Tech Support > Microsoft Windows > Drivers > Filter Hook Driver and NAT
Filter Hook Driver and NAT
Posted by Dale on May 25th, 2005


I have written a application based on the Windows 2000 Filter Hook Driver.

Basically the application was designed to run on a Windows 2000 server with
two Network interfaces. It monitors traffic between the two interfaces and
enforces security, performs proxy redirection, etc.

When the Windows 2000 Server is configured for routing mode and both
interfaces have real address subnets (in other words Network Address
Translation (NAT) and Internet Connection Firewall (ICF) are not enabled),
the hook correctly works and our application receives the packets (header
and payload).

However, when NAT or ICF is enabled (the network we are checking security
on does not have real addresses) the Packet pointer (payload) passed to
us is NULL. Therefore we can not look at the rest of the packet to make
a determination of what we should do. See this link for the call back
function description (parameter two is the one that we are not getting):

http://msdn.microsoft.com/library/en...bf7870.xml.asp

Why does the behavior of the Filter Hook Driver difer betwen NAT and routing
mode? I would think the behavior should be the same regardless.


Posted by Bryan S. Burgin [MSFT] on June 2nd, 2005




Are you doing this as an IP Filter Hook driver, as documented in the DDK,
using the firewall hooks or hooking NDIS functions?

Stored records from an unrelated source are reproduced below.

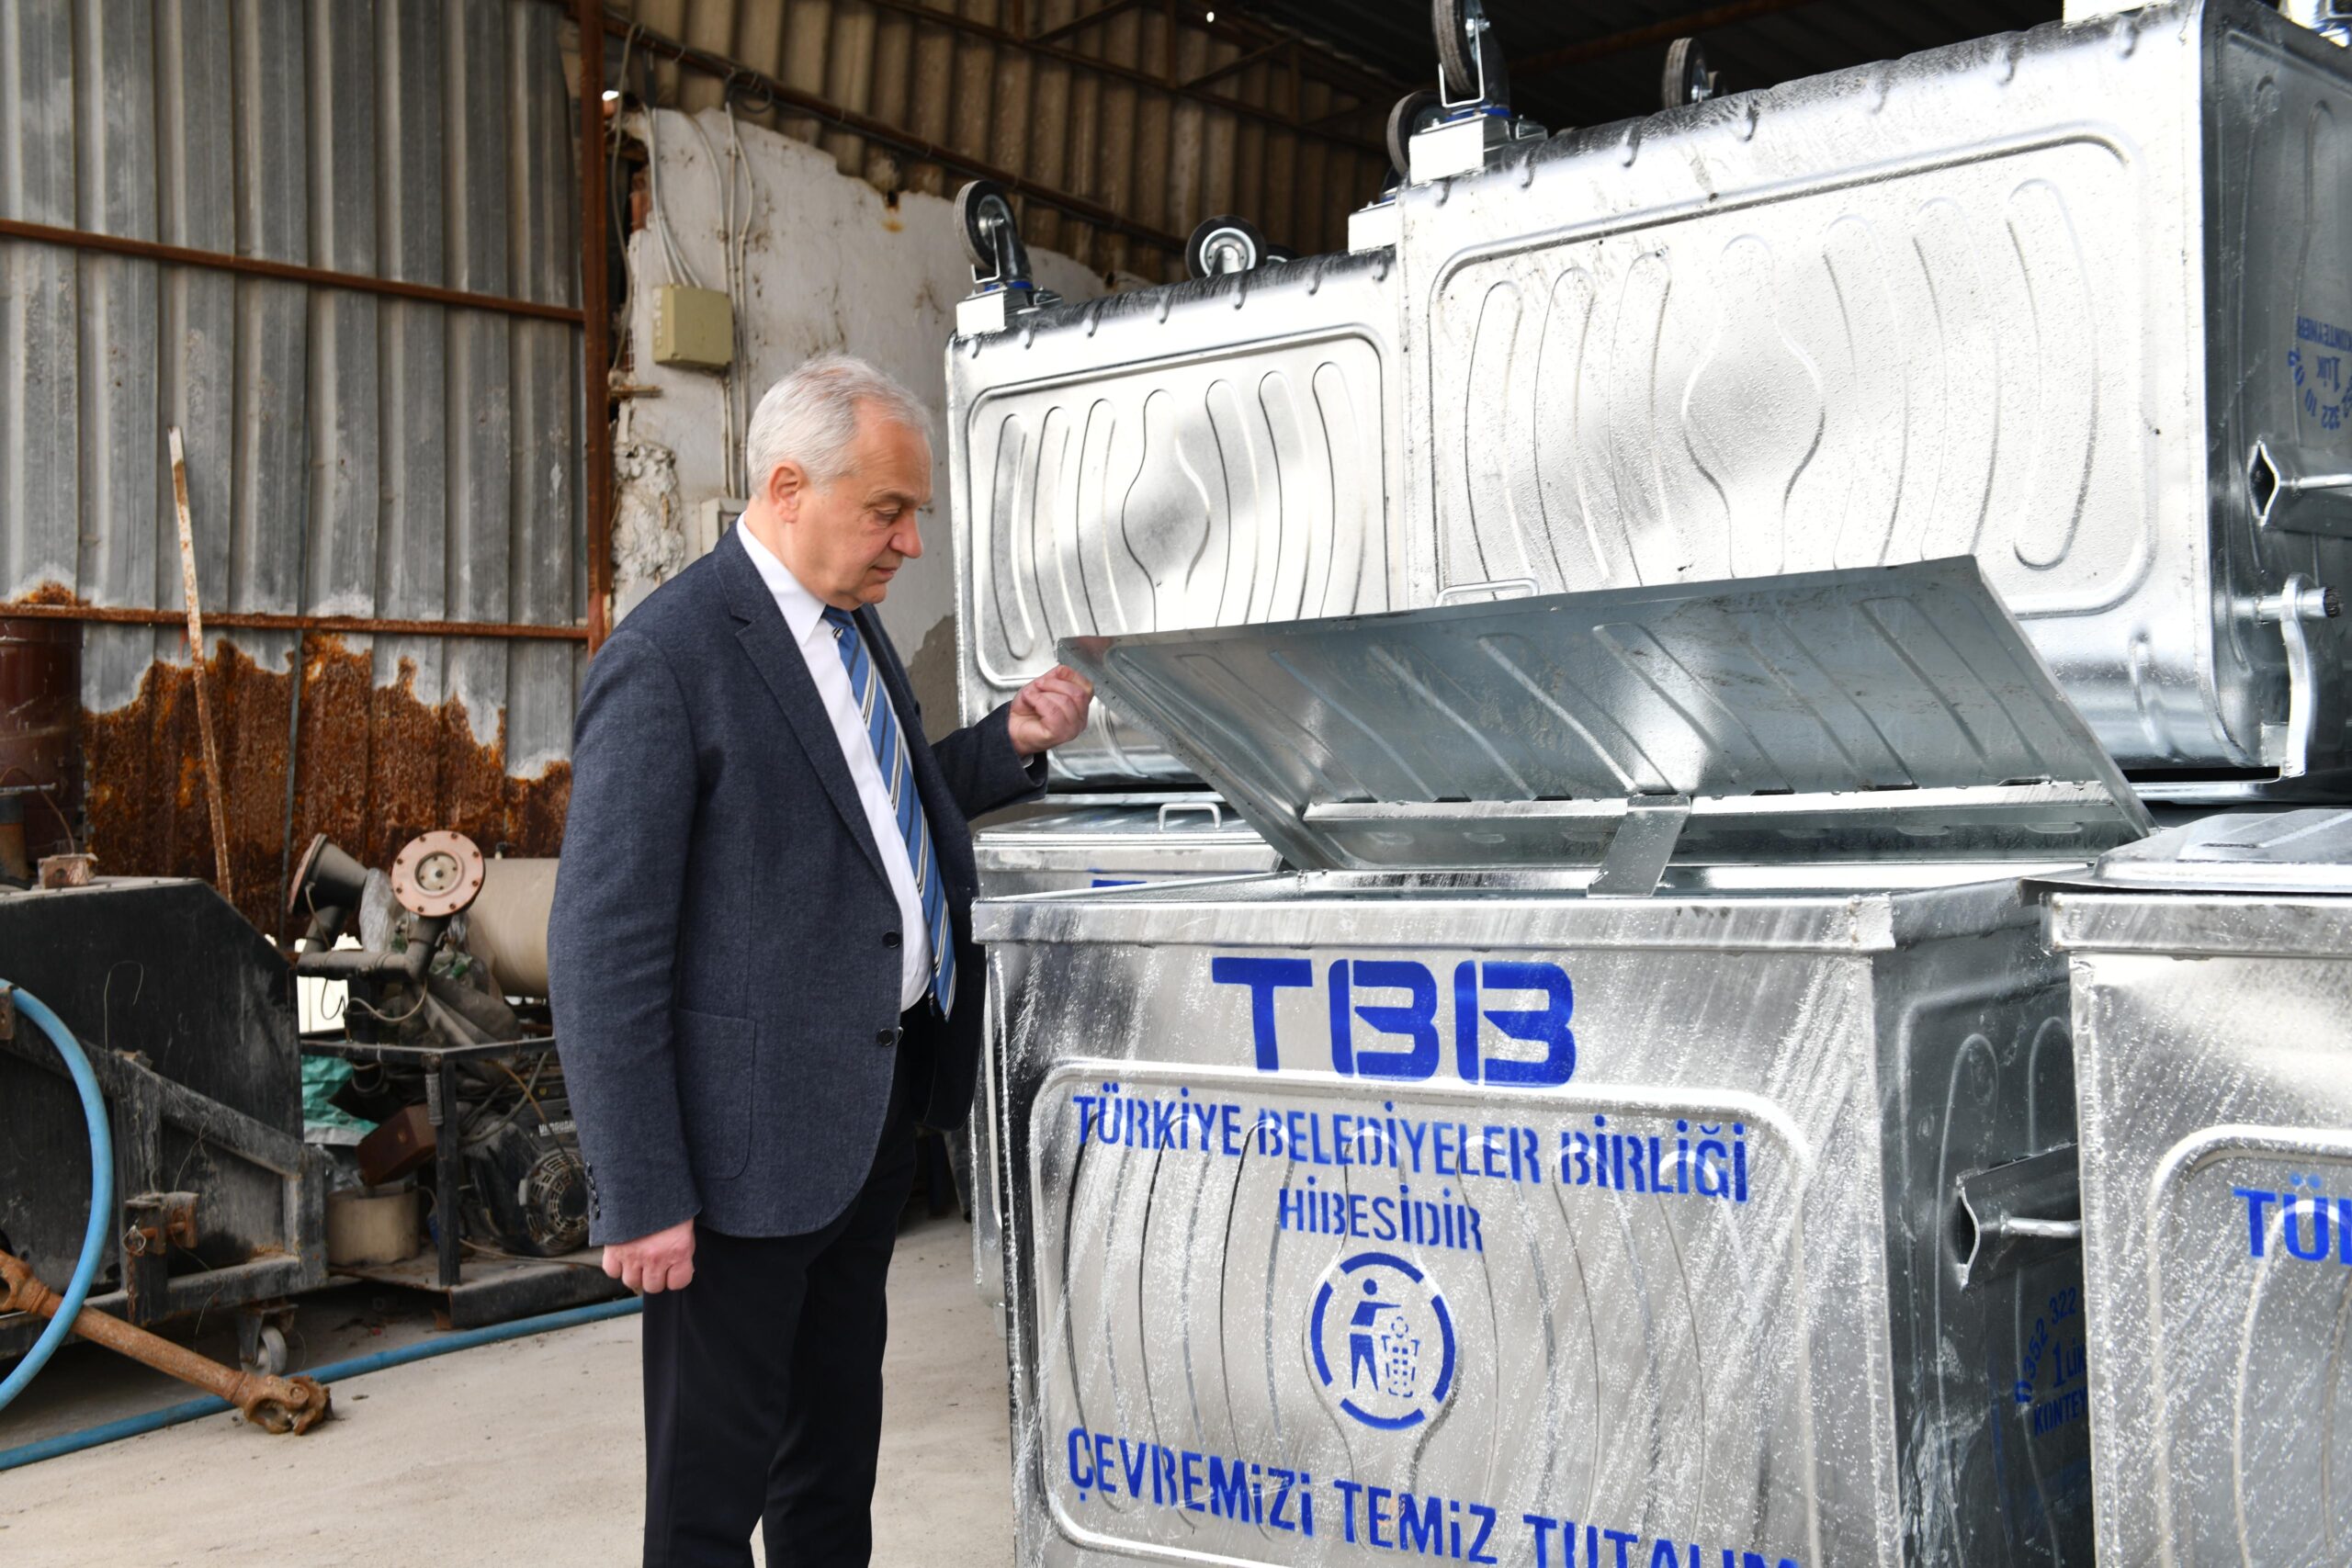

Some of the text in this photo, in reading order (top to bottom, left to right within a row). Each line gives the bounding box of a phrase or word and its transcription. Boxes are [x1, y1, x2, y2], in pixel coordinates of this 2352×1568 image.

[1212, 956, 1577, 1089] TBB
[1073, 1082, 1747, 1203] TÜRKİYE BELEDİYELER BİRLİĞİ
[1279, 1176, 1483, 1253] HİBESİDİR
[2023, 1317, 2049, 1380] 352
[2050, 1287, 2076, 1325] 322
[2052, 1340, 2066, 1388] 1
[1523, 1514, 1799, 1568] TUTA
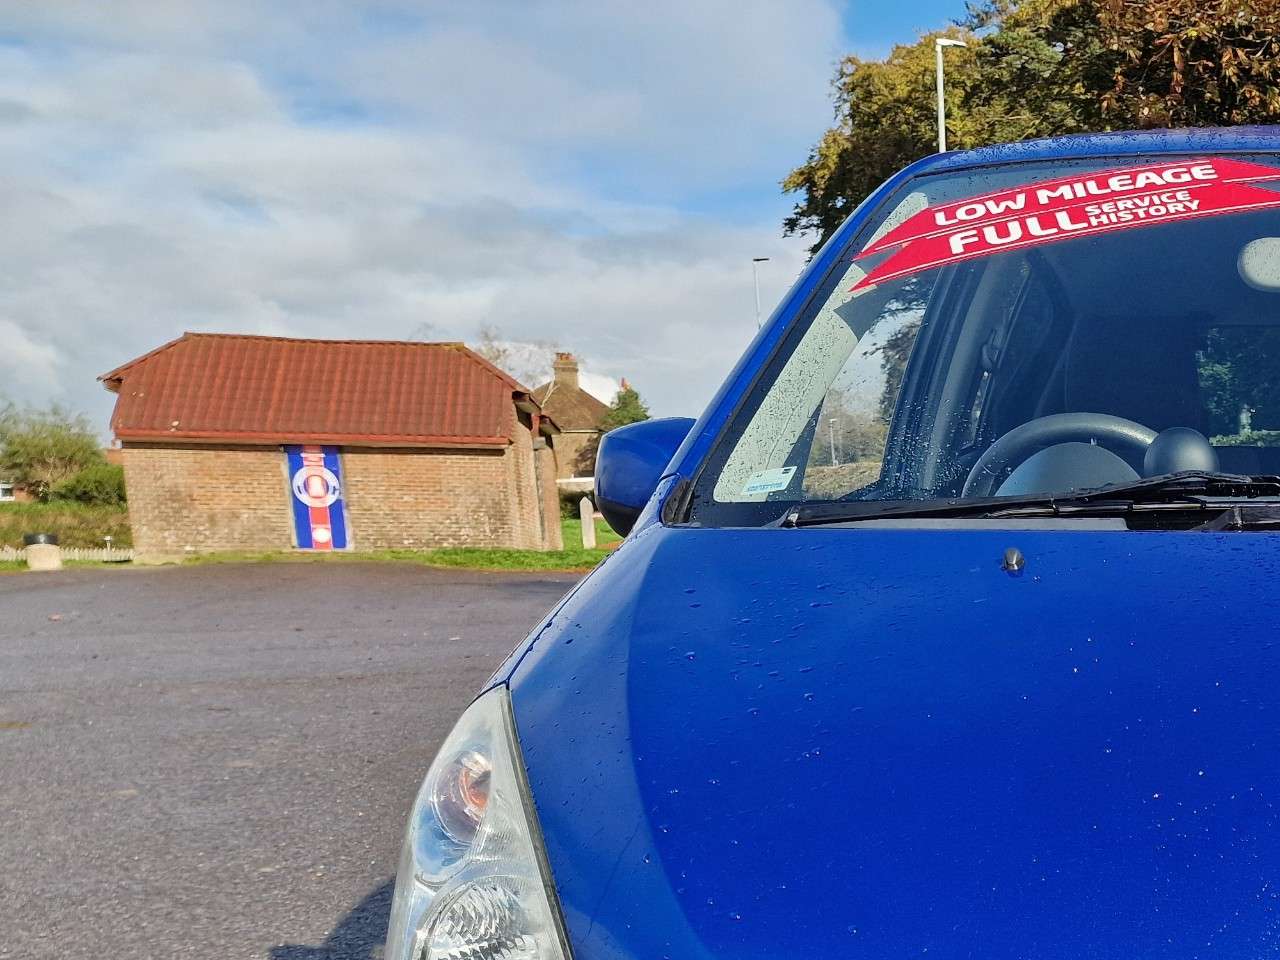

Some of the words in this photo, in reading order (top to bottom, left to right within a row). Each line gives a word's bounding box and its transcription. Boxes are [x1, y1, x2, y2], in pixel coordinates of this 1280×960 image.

[934, 193, 1026, 226] LOW
[1036, 164, 1218, 205] MILEAGE
[1084, 190, 1192, 217] SERVICE
[1088, 199, 1200, 228] HISTORY
[948, 210, 1089, 255] FULL
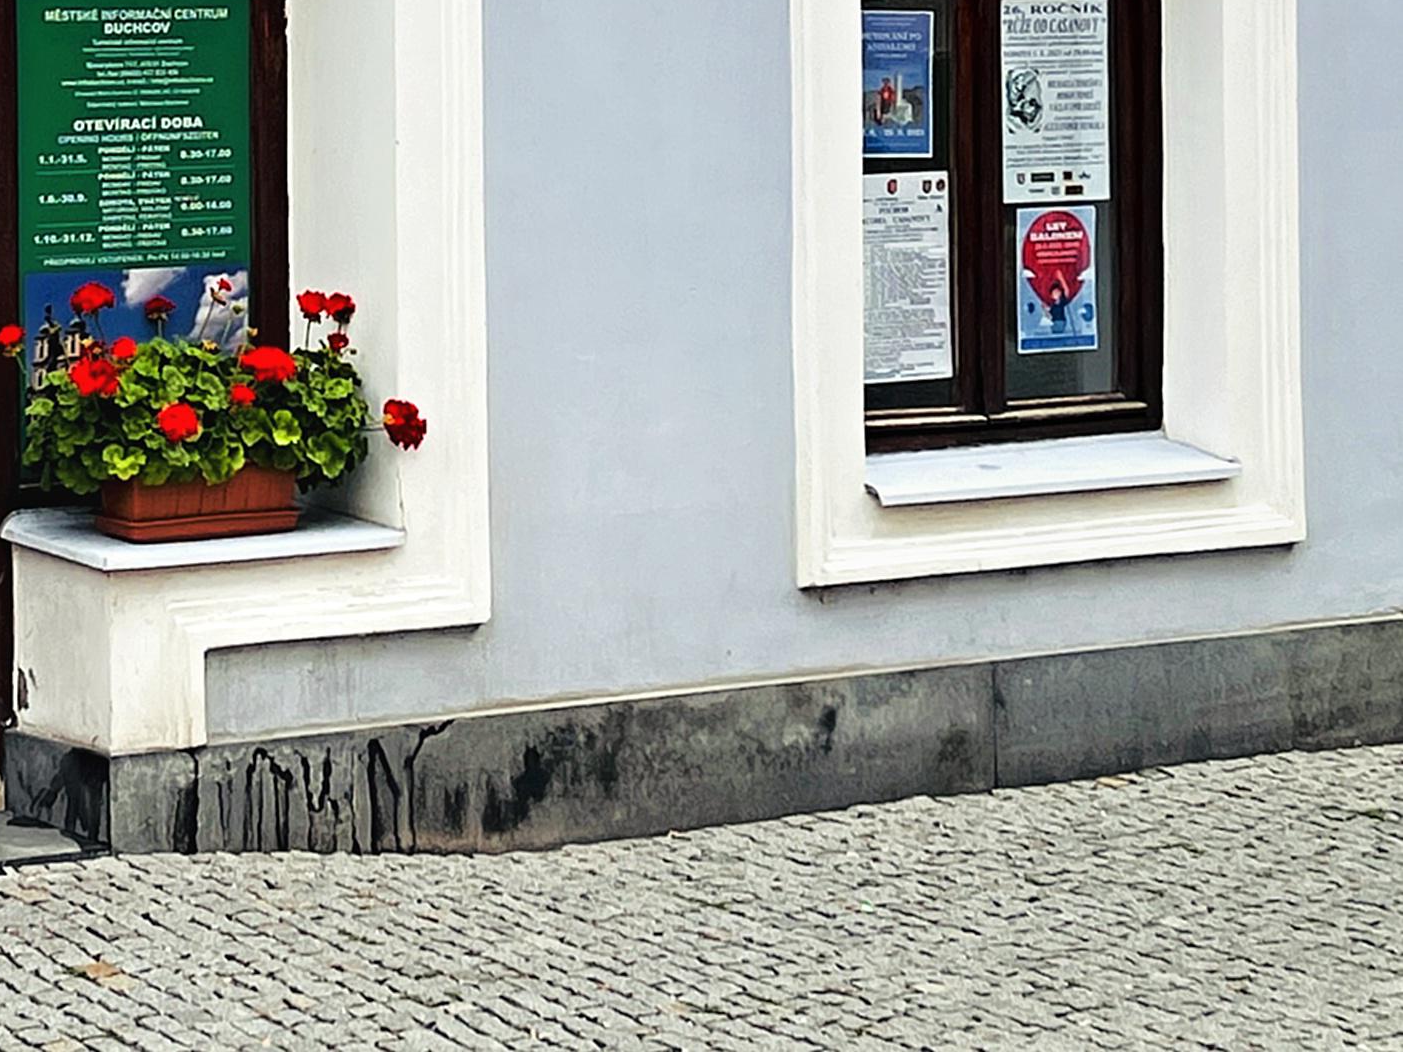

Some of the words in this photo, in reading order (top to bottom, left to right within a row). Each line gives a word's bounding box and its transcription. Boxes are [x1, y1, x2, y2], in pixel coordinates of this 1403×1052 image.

[45, 8, 98, 22] MĚSTSKÉ
[101, 7, 172, 22] INFORMAČNÍ
[174, 8, 229, 21] CENTRUM
[1030, 2, 1103, 15] ROČNÍK
[73, 116, 157, 133] OTEVÍRACÍ
[161, 116, 204, 130] DOBA

Have you tried this on Windows XP SP2 or Server 2003 SP1? And if so, did
you get a different result (I believe that ICF/ICS is quite different in
those platforms from W2K.

This might be worth opening a support incident for as this may take ongoing
interaction and research.

Bryan S. Burgin
bburgin@online.microsoft.com

This posting is provided "AS IS" with no warranties, and confers no rights.